Exercise input

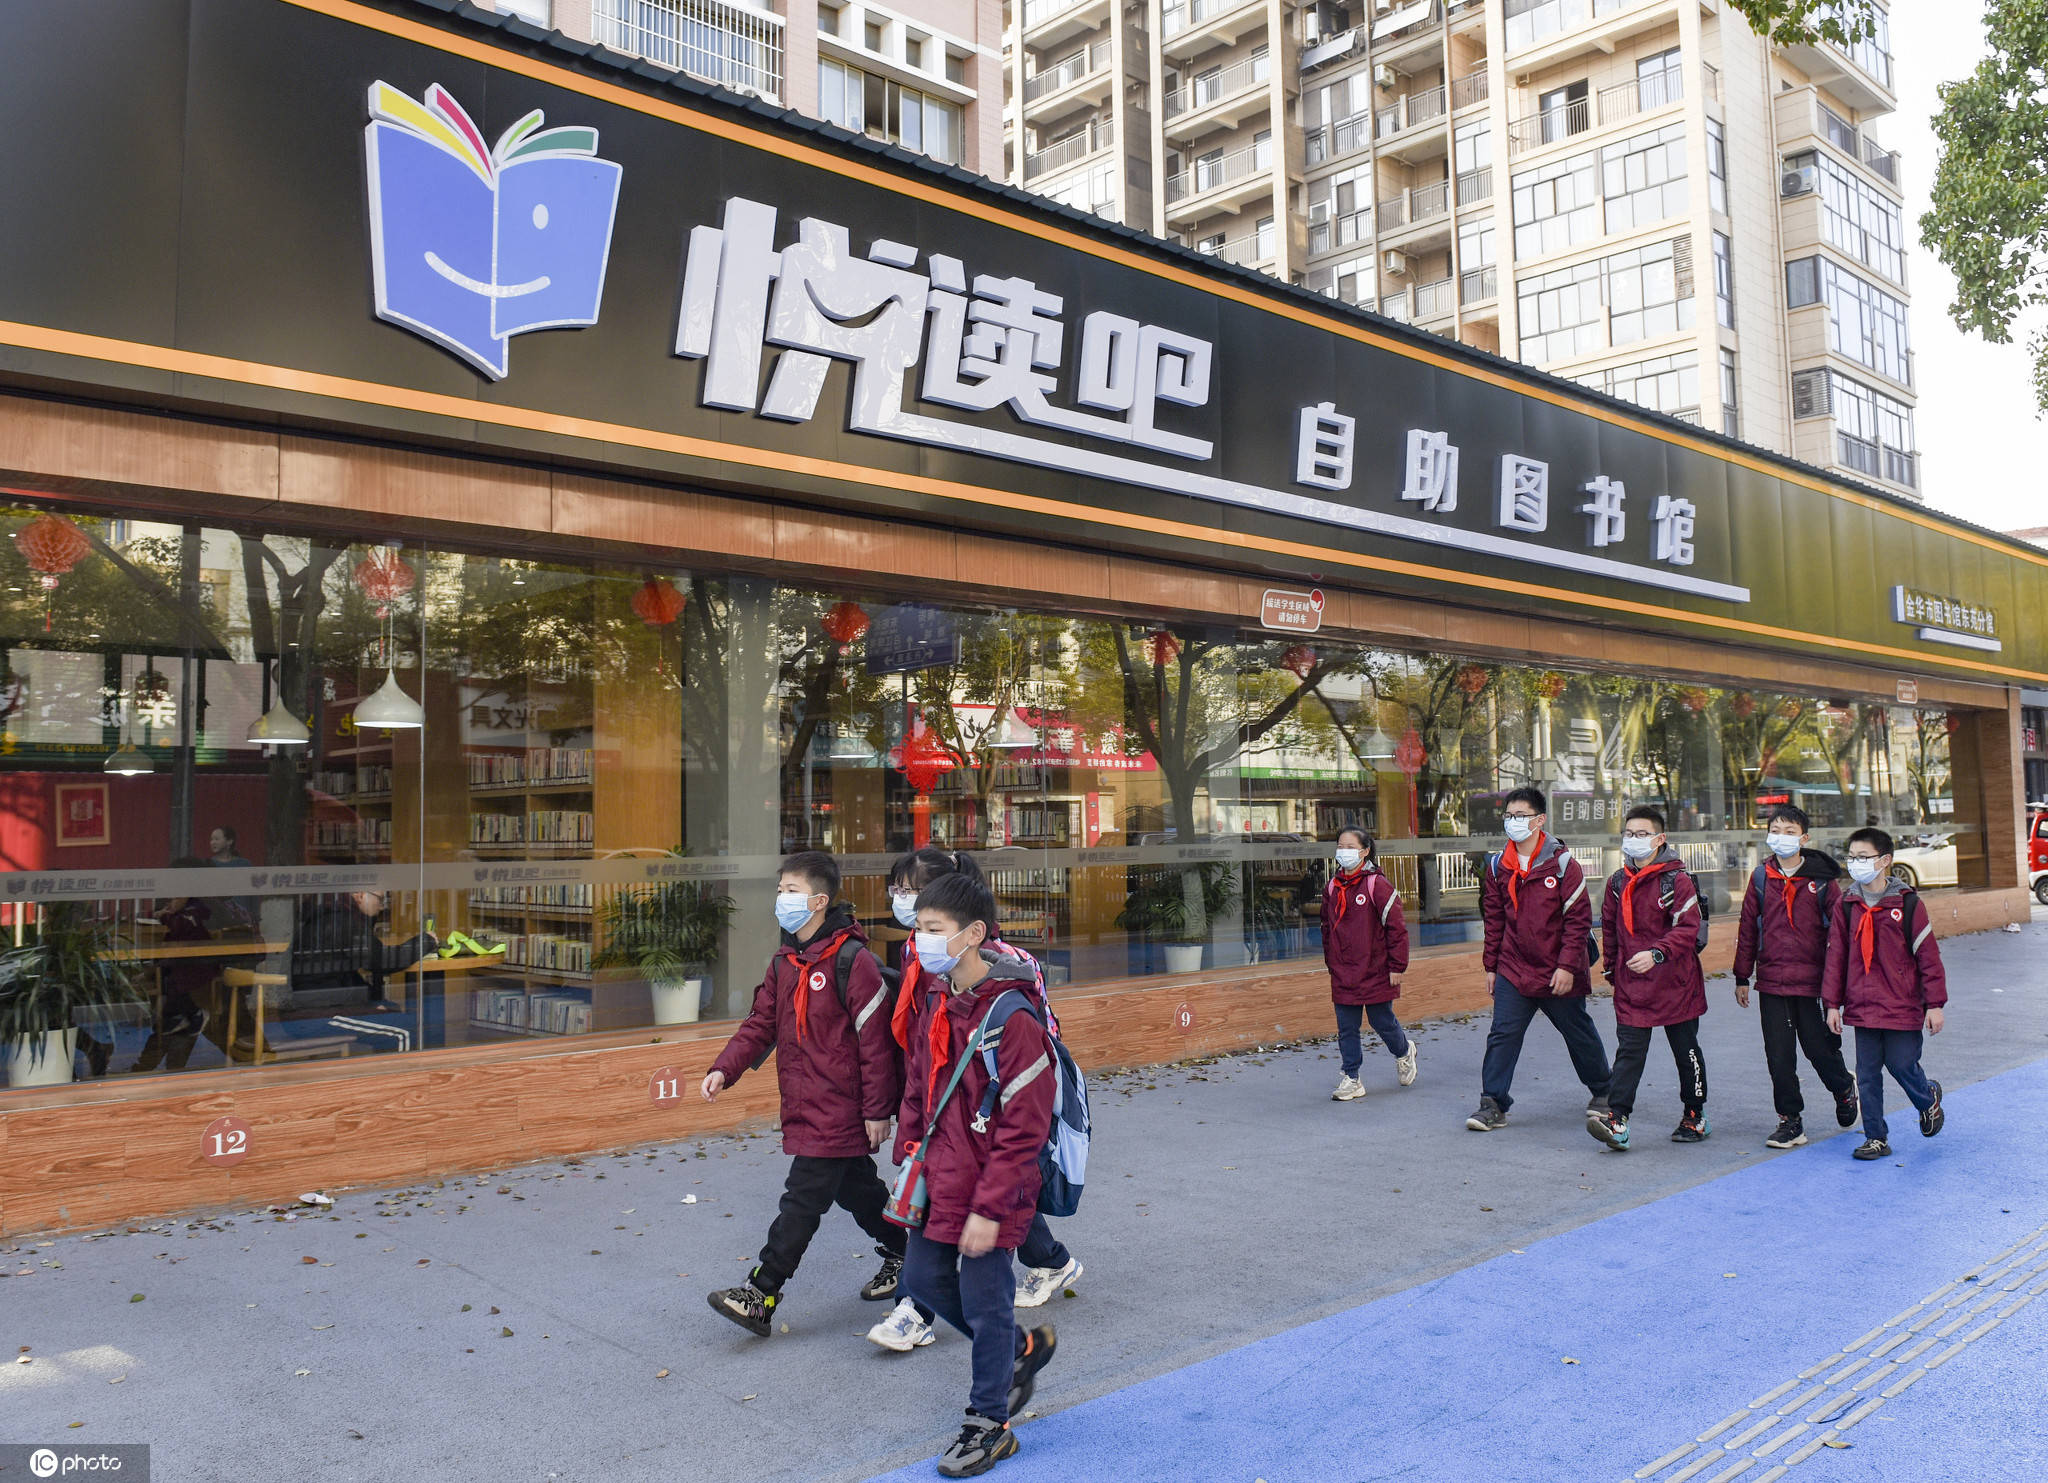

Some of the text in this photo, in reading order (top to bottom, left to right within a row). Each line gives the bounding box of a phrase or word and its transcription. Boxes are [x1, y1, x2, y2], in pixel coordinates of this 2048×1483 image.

[675, 196, 1697, 567] 悦读吧 自助图书馆
[1181, 1011, 1191, 1028] 9
[655, 1078, 680, 1100] 11
[209, 1130, 246, 1157] 12
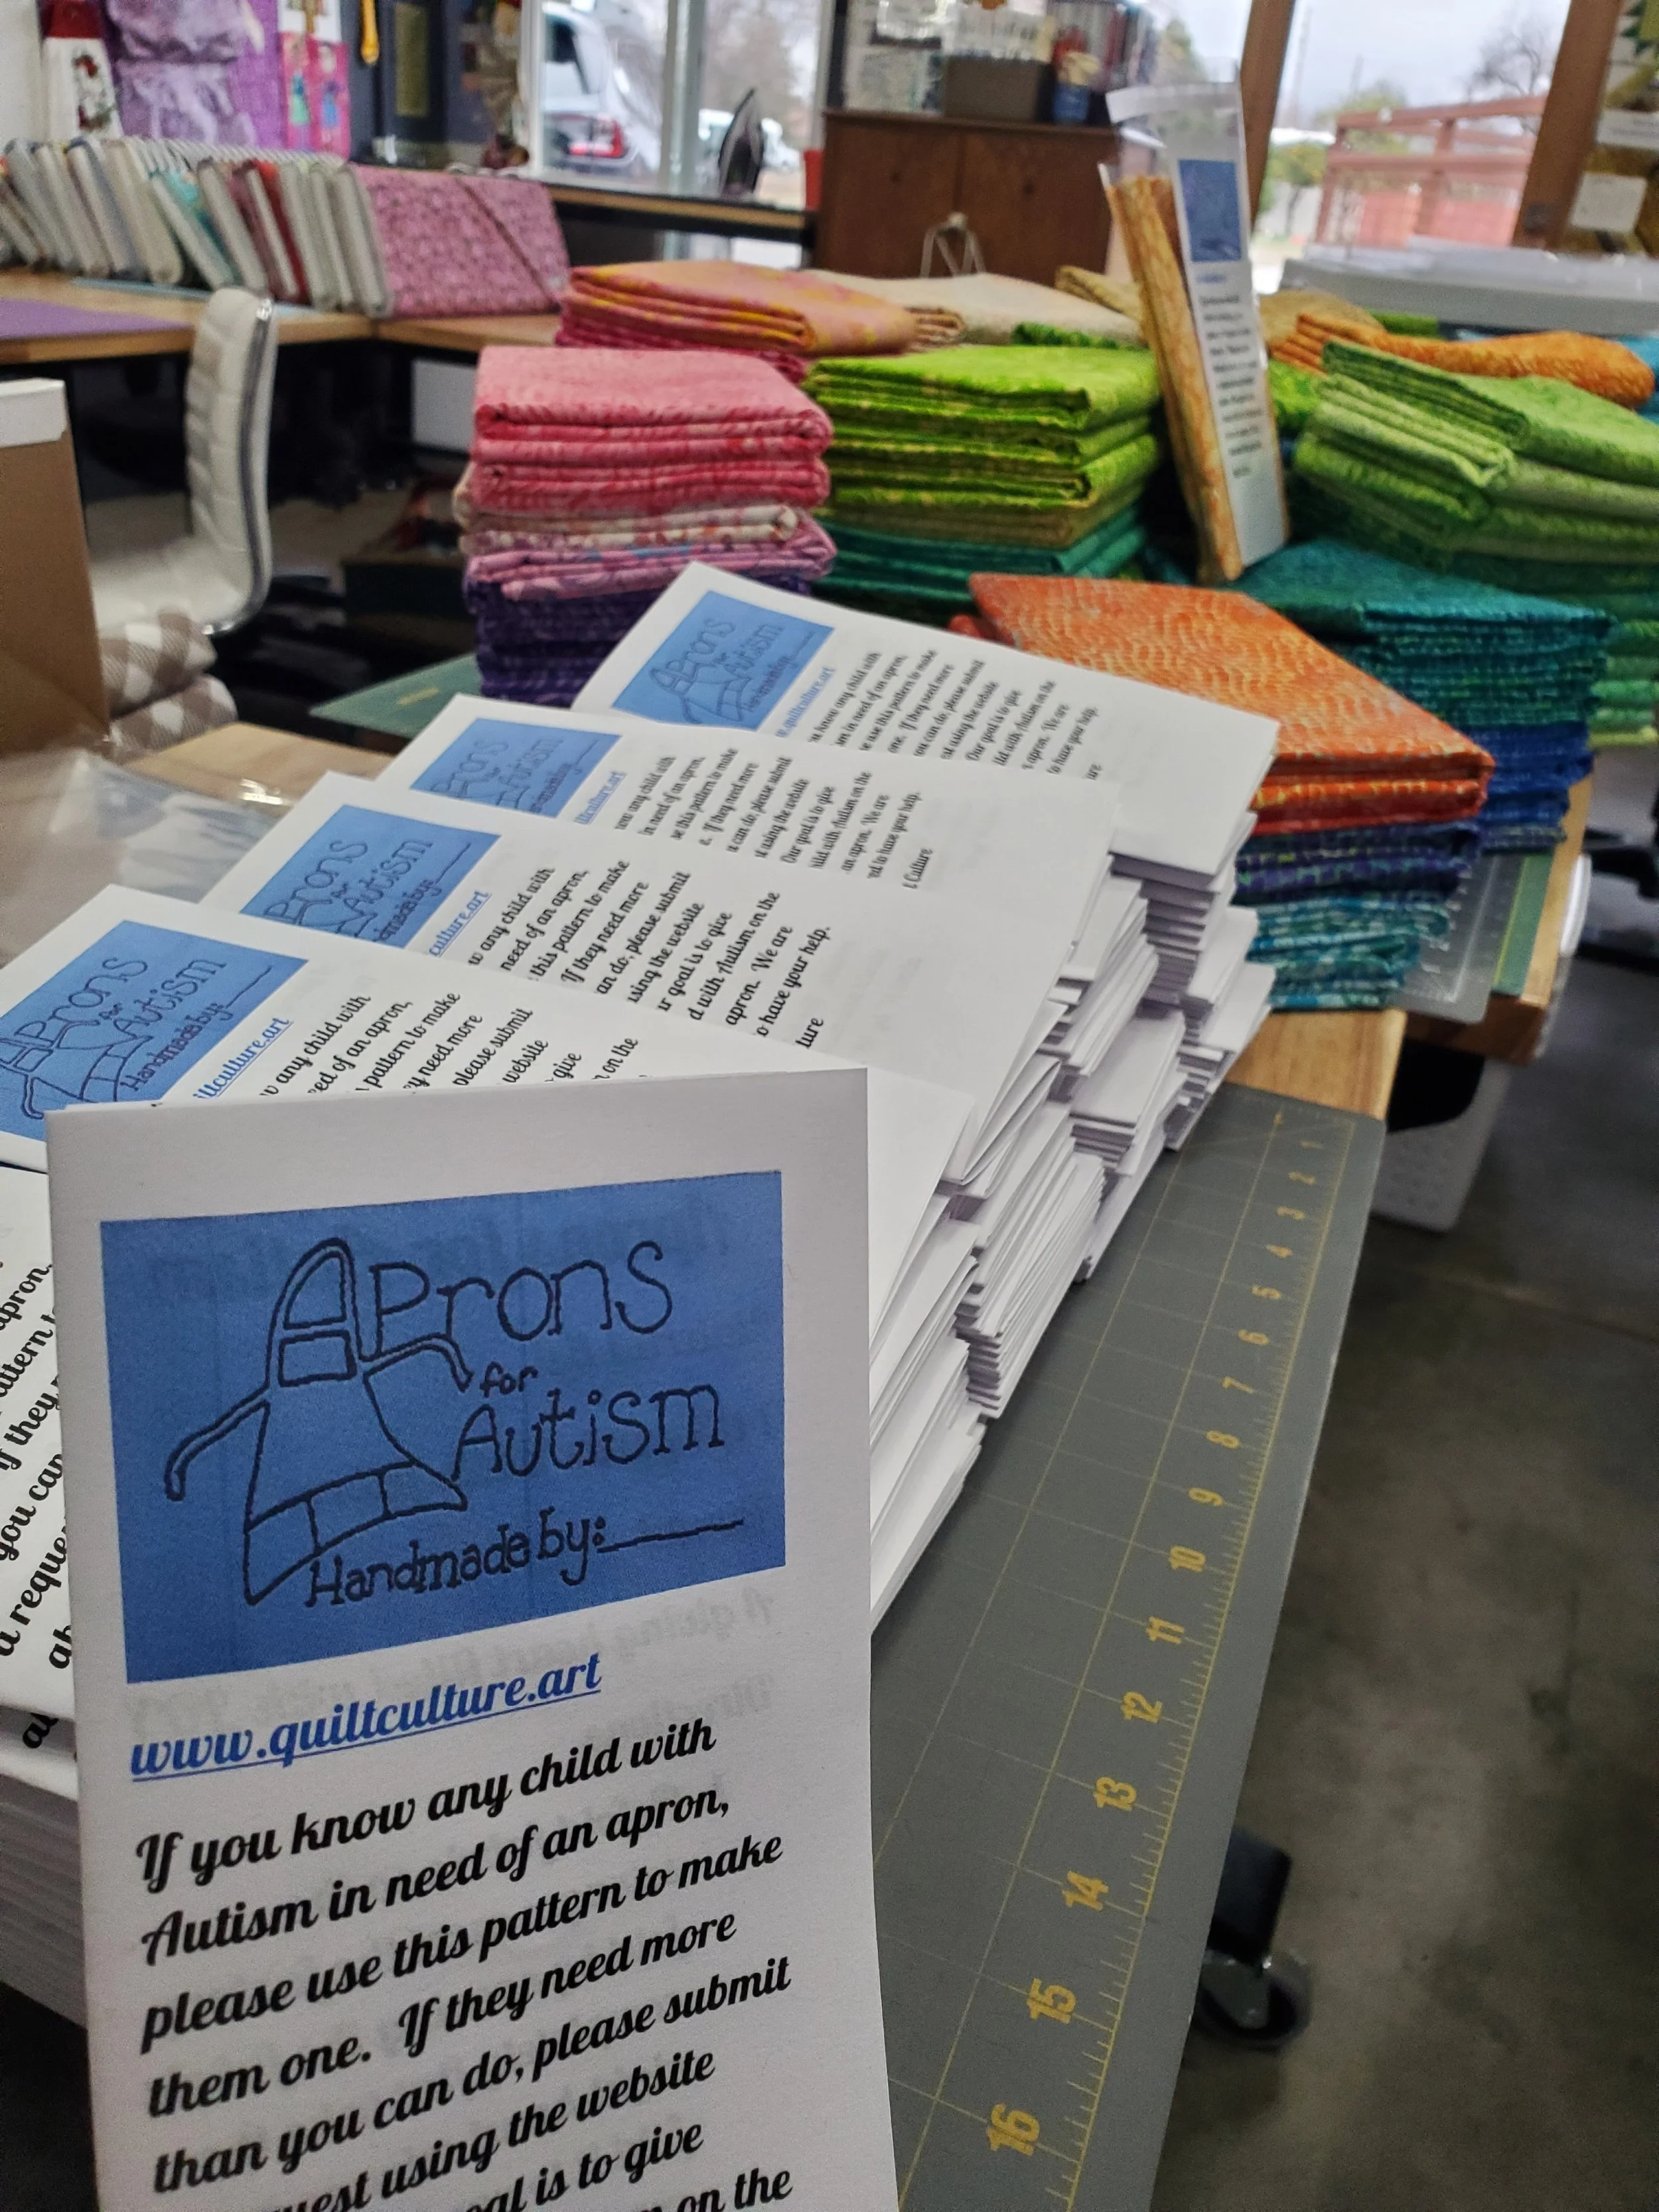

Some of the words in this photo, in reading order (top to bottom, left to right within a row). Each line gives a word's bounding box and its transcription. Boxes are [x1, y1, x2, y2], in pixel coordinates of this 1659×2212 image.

[479, 924, 510, 951] any
[500, 892, 533, 924] child
[525, 867, 555, 893] with
[498, 938, 532, 972] need
[524, 922, 545, 939] of
[536, 907, 557, 925] an
[550, 869, 590, 907] apron,
[528, 952, 558, 977] this
[550, 907, 594, 954] pattern
[583, 892, 603, 907] to
[597, 859, 630, 894] make
[618, 881, 649, 913] more
[748, 912, 768, 928] on
[755, 891, 780, 911] the
[428, 890, 492, 957] culture.art
[593, 976, 618, 995] an
[608, 954, 635, 975] do,
[624, 913, 662, 956] please
[654, 871, 691, 914] submit
[595, 911, 626, 943] need
[647, 947, 674, 968] the
[665, 902, 705, 947] website
[571, 942, 607, 971] they
[666, 964, 696, 997] goal
[682, 952, 704, 964] is
[693, 936, 713, 951] to
[706, 912, 733, 938] give
[715, 928, 757, 974] Autism
[113, 958, 227, 1039] Autism
[559, 967, 585, 983] If
[695, 976, 725, 1008] with
[724, 980, 762, 1026] apron.
[750, 948, 778, 972] We
[770, 925, 794, 948] are
[757, 989, 791, 1025] have
[782, 954, 809, 988] your
[797, 926, 831, 956] help.
[275, 1055, 314, 1084] any
[302, 1021, 343, 1055] child
[334, 995, 372, 1023] with
[330, 1054, 357, 1072] of
[345, 1039, 372, 1057] an
[364, 1001, 413, 1038] apron,
[362, 1039, 416, 1088] pattern
[403, 1023, 427, 1039] to
[420, 992, 461, 1026] make
[416, 1043, 455, 1076] need
[445, 1014, 483, 1046] more
[488, 1007, 534, 1049] submit
[610, 1037, 639, 1057] the
[794, 1017, 824, 1049] ture
[501, 1039, 549, 1083] website
[551, 1052, 582, 1079] give
[601, 1057, 624, 1074] on
[1250, 1284, 1281, 1301] 5
[1237, 1329, 1269, 1346] 6
[480, 1364, 539, 1398] for
[1222, 1376, 1254, 1394] 7
[452, 1384, 725, 1481] Autism
[1205, 1430, 1241, 1449] 8
[1188, 1487, 1226, 1507] 9
[9, 1526, 67, 1625] reque
[305, 1523, 529, 1607] Handmade
[1169, 1545, 1206, 1572] 10
[1146, 1616, 1186, 1645] 11
[129, 1653, 601, 1782] www.quiltculture.art
[1120, 1690, 1163, 1724] 12
[134, 1830, 184, 1895] If
[189, 1828, 282, 1887] you
[289, 1797, 416, 1856] know
[426, 1773, 513, 1822] any
[519, 1735, 622, 1797] child
[629, 1716, 717, 1769] with
[1093, 1775, 1138, 1812] 13
[139, 1898, 320, 1966] Autism
[327, 1878, 378, 1922] in
[384, 1840, 489, 1907] need
[494, 1823, 539, 1882] of
[541, 1820, 599, 1860] an
[605, 1788, 729, 1848] apron,
[1061, 1870, 1110, 1911] 14
[139, 1978, 297, 2055] please
[305, 1954, 384, 2004] use
[392, 1923, 474, 1978] this
[477, 1881, 626, 1963] pattern
[633, 1865, 675, 1901] to
[677, 1834, 783, 1889] make
[147, 2063, 271, 2118] them
[278, 2035, 372, 2087] one.
[396, 1996, 440, 2059] If
[444, 1976, 535, 2033] they
[540, 1934, 634, 2000] need
[639, 1913, 737, 1966] more
[1025, 1978, 1077, 2025] 15
[152, 2140, 269, 2195] than
[276, 2107, 366, 2175] you
[372, 2077, 455, 2130] can
[461, 2049, 524, 2097] do,
[531, 2003, 656, 2083] please
[662, 1955, 792, 2024] submit
[381, 2128, 500, 2199] using
[508, 2104, 568, 2146] the
[576, 2050, 715, 2122] website
[986, 2102, 1041, 2157] 16
[535, 2167, 570, 2205] is
[579, 2152, 620, 2189] to
[624, 2124, 704, 2183] give
[676, 2189, 725, 2212] on
[734, 2168, 793, 2210] the

Assignment
Which lines of the records above contain the word "pattern"? Copy each of them.

Exercise response
[550, 907, 594, 954] pattern
[362, 1039, 416, 1088] pattern
[477, 1881, 626, 1963] pattern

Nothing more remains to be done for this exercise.